Model	Rate	Avg Latency	Quality/Second
Llama 3.3 70B	63.1%	728ms	0.87
Qwen 2.5 72B	64.2%	1,102ms	0.58
GPT-4o	63.1%	1,119ms	0.56
Claude Sonnet 4.5	67.5%	1,275ms	0.53
DeepSeek R1	50.0%	1,351ms	0.37
GLM-4.7	54.5%	1,170ms	0.47
DeepSeek V3.1	65.5%	1,764ms	0.37
Claude Opus 4.6	69.0%	1,926ms	0.36
Mistral Large	49.8%	2,058ms	0.24
Gemini 2.5 Pro	62.9%	2,791ms	0.23

Llama 3.3 70B dominates the speed/quality tradeoff at 728ms average latency with 63.1% correctness. For high-volume workloads, it delivers the most correct commands per second. Qwen 2.5 72B offers slightly higher quality (64.2%) at 1.5x the latency.

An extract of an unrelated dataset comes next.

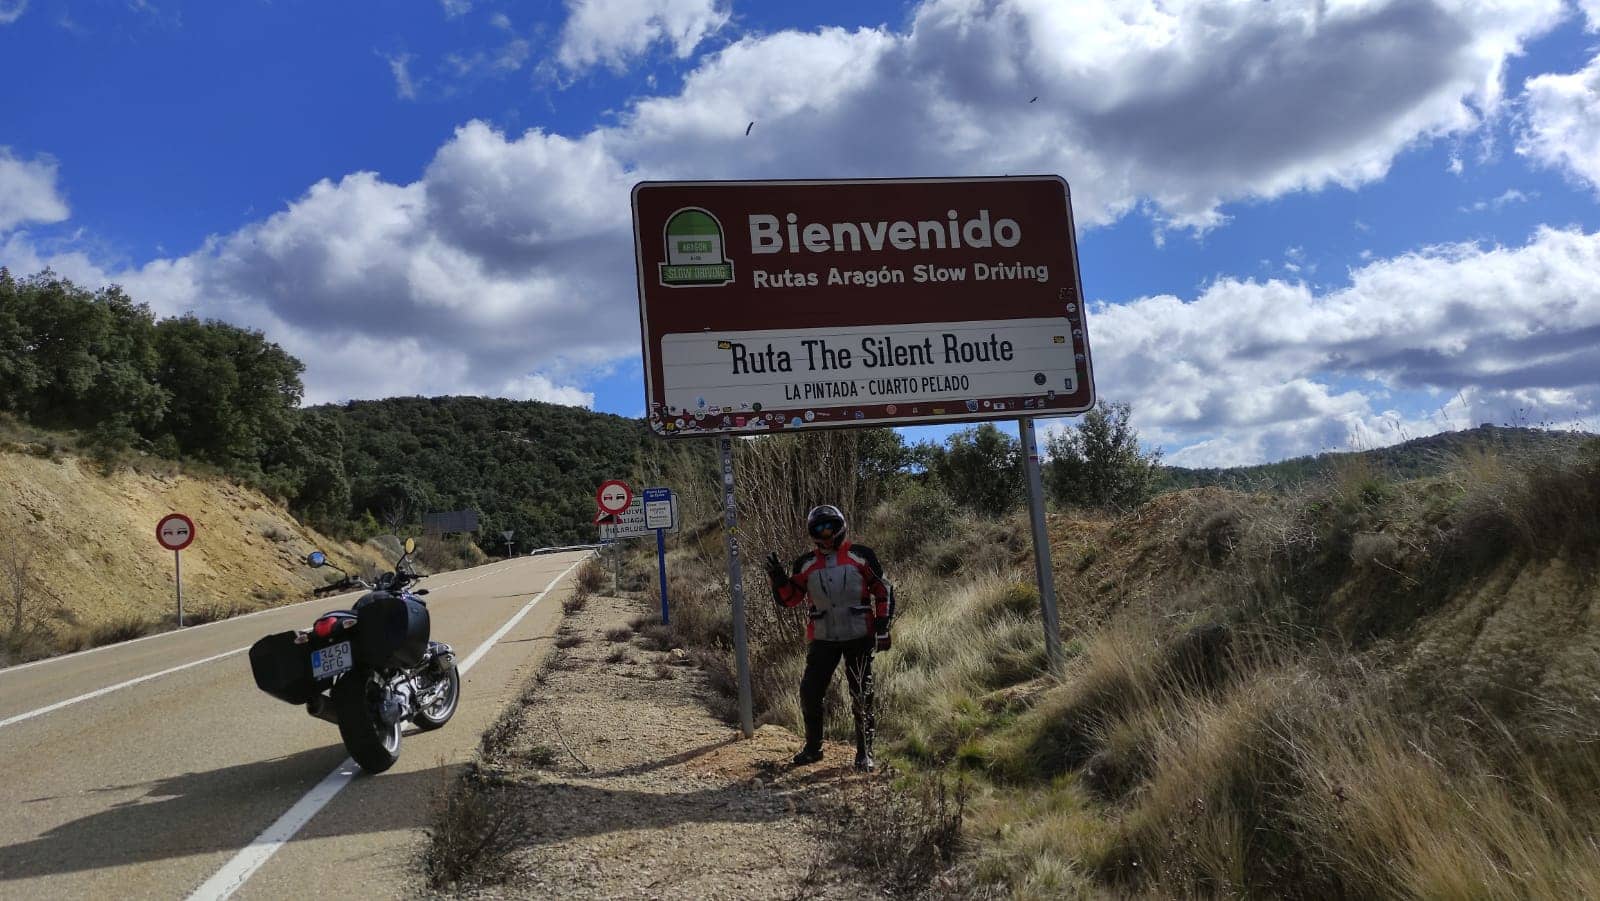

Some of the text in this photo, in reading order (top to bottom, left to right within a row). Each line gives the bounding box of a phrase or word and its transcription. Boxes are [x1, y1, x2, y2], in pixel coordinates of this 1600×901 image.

If quality is the only metric, Claude Opus 4.6 justifies its 1.9s latency with a 6-point lead over the next-fastest models at similar quality.

Methodology

464 operations derived from a first-principles taxonomy of bash/shell tool use: filesystem, text processing, network (mocked), process management, security, containers (mocked), version control, data transformation, archiving, system administration, and time operations.

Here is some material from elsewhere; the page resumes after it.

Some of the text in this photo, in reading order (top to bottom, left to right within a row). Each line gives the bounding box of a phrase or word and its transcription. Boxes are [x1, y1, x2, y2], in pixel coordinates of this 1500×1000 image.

Environment: Ubuntu 22.04 Docker container. No network access. Pre-baked fixture files (test data, git repos, mock binaries). Each test runs in a fresh container.

Generation: Each model generates commands with temperature=0 via OpenRouter. 10 concurrent requests per model. No retries on valid responses.

Validation: Four types, selected per-test based on output characteristics:

output (273 tests): Exact stdout match after stripping whitespace
regex (88 tests): Stdout matches a pattern (for nondeterministic output like timestamps, PIDs, hashes)
cmd (49 tests): A verification command runs after the test command in the same container (for artifact-producing operations like compression, file creation, permission changes)
exit_code (54 tests): Exit code matches expected value

All expected values were generated by running the canonical command in Docker and capturing the actual output. No hand-written expectations, no LLM judging.

The full benchmark code and results are available at github.com/agentiagency/tool-use-benchmark.